In 2012, the Restrepos participated in a ceremony recognizing a complete “handing over of the baton” to local Fundefam leaders. The ceremony closed with a mutual act of blessing as each participant was invited to tie white string around the wrist of another participant while offering them a blessing.
In recent years, the crime has dissipated but is far from gone. The neighborhood still faces daunting challenges. “Now we are going out to the community again individually,” Garza said in 2019. “We invite them to programs. We have a women’s group. We have a kids club. We still don’t go at night, but we can do the programs during the day.”
The area has improved to the point that in July 2019, the ministry began welcoming mission teams for the first time in 10 years. A small group from Edgebrook Covenant Church in Chicago arrived to assist with multiple programs, including a women’s retreat and making upgrades to the building. Their visit was arranged through Merge, a ministry of Serve Globally, which hopes to resume in-person trips next summer.
The government, outside businesses, and the university nearby have started to support Fundefam’s work and have launched their own efforts to invest in the community, such as developing roads and staircases that stretch several hundred yards up steep hills.
“At the same time you are forming a disciple, you are forming a leader. At the same time as you are forming a leader, you are forming a disciple.”
When Castro was in college she was walking to school in the rain one day because she didn’t have the money to pay for transportation. A vehicle passing by drenched her with water. When she arrived at school, she saw a student getting out of a new Camaro, and she complained to God about the injustice of the inequity. Today she recalls God telling her, “I need you to stay here. And you need to learn.” She realized she needed more education so she could serve others.
That’s when Castro says she learned she was a person of value regardless of what she owned or didn’t own, but because of who she is. Until then, she’d been ashamed to admit to her classmates where she came from. But she started sharing her background and her history. Eventually the head of the university heard of her story, which led the school to begin a relationship with her neighborhood. They threw an annual party for the neighborhood children and began providing educational assistance to students who wanted to attend college.
Both Fundefam staff and people they serve have lost relatives and friends to Covid-19, including Castro’s father, Arnulfo Castro Sandoval. Many family businesses were affected. Others have lost their employment as companies closed or families cut back on domestic help.

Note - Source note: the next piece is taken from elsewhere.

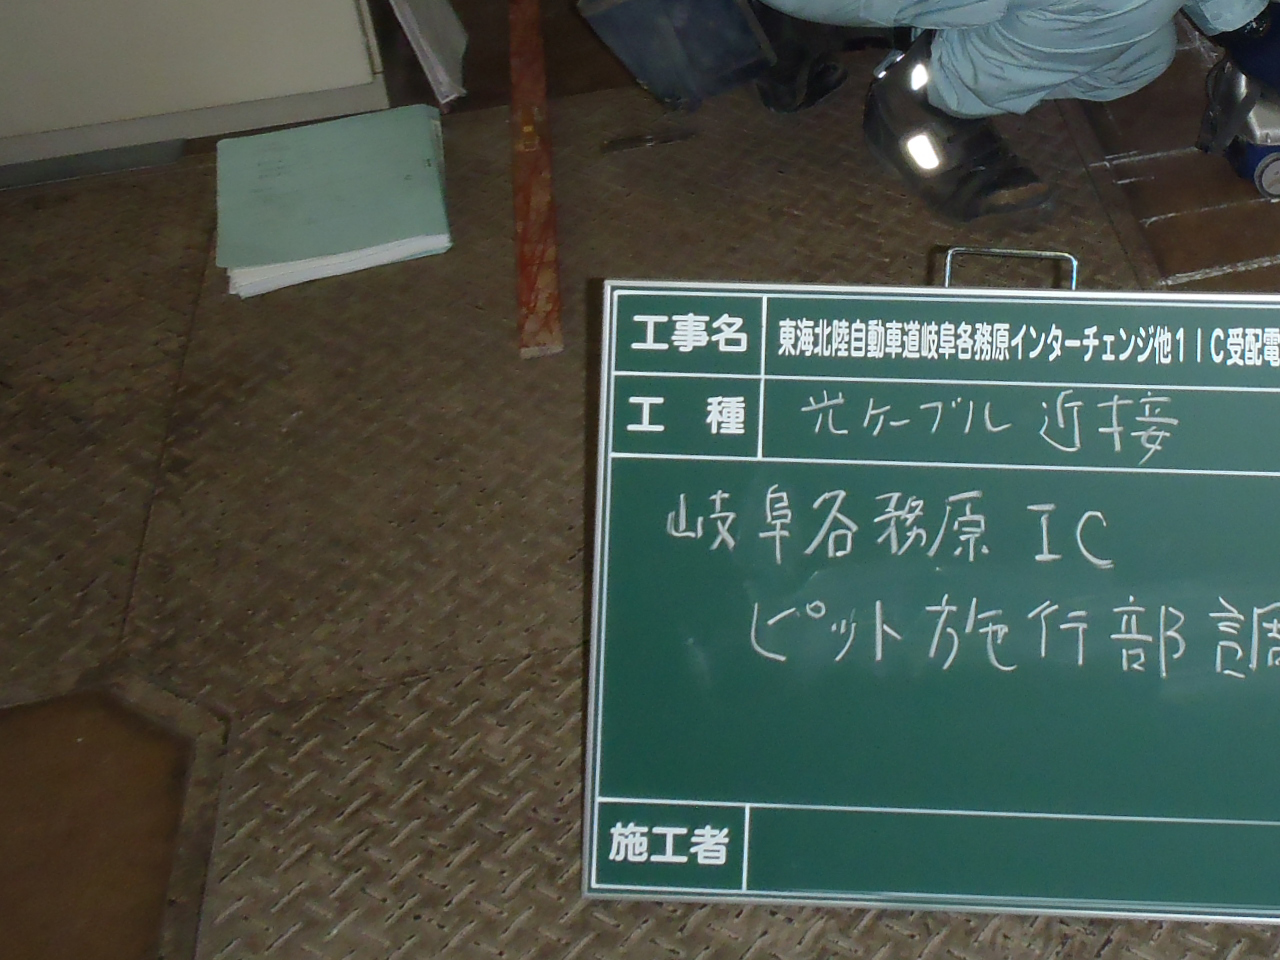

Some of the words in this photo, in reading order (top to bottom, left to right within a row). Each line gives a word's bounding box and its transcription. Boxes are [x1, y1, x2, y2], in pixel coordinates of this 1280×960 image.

[630, 313, 748, 353] 工事名
[608, 823, 730, 866] 施工者

The most immediate need was food, so Covenant World Relief and Development provided a grant to assist Fundefam as they worked with other organizations and donors to help feed 120 families. They also launched online programming and a weeklong virtual summer camp as well as youth meetings that included joining teens involved with organizations supported by Covenant World Relief & Development-xx elsewhere in Latin America. In August, they offered online courses for women in painting, flower-arranging, and violence-prevention workshops.
“Holding the workshops and classes online has brought encouragement to the community,” Garza says. “Even at a distance, people are able to remain united. The classes also are helping them overcome the anxiety that many people are suffering due to the pandemic.”
They are determined to continue serving their community, Garza says. Their goal is for people to experience the words spray-painted in front of the store owned by Castro’s family: “De invisibles a invencibles,” or, “From invisible to invincible.”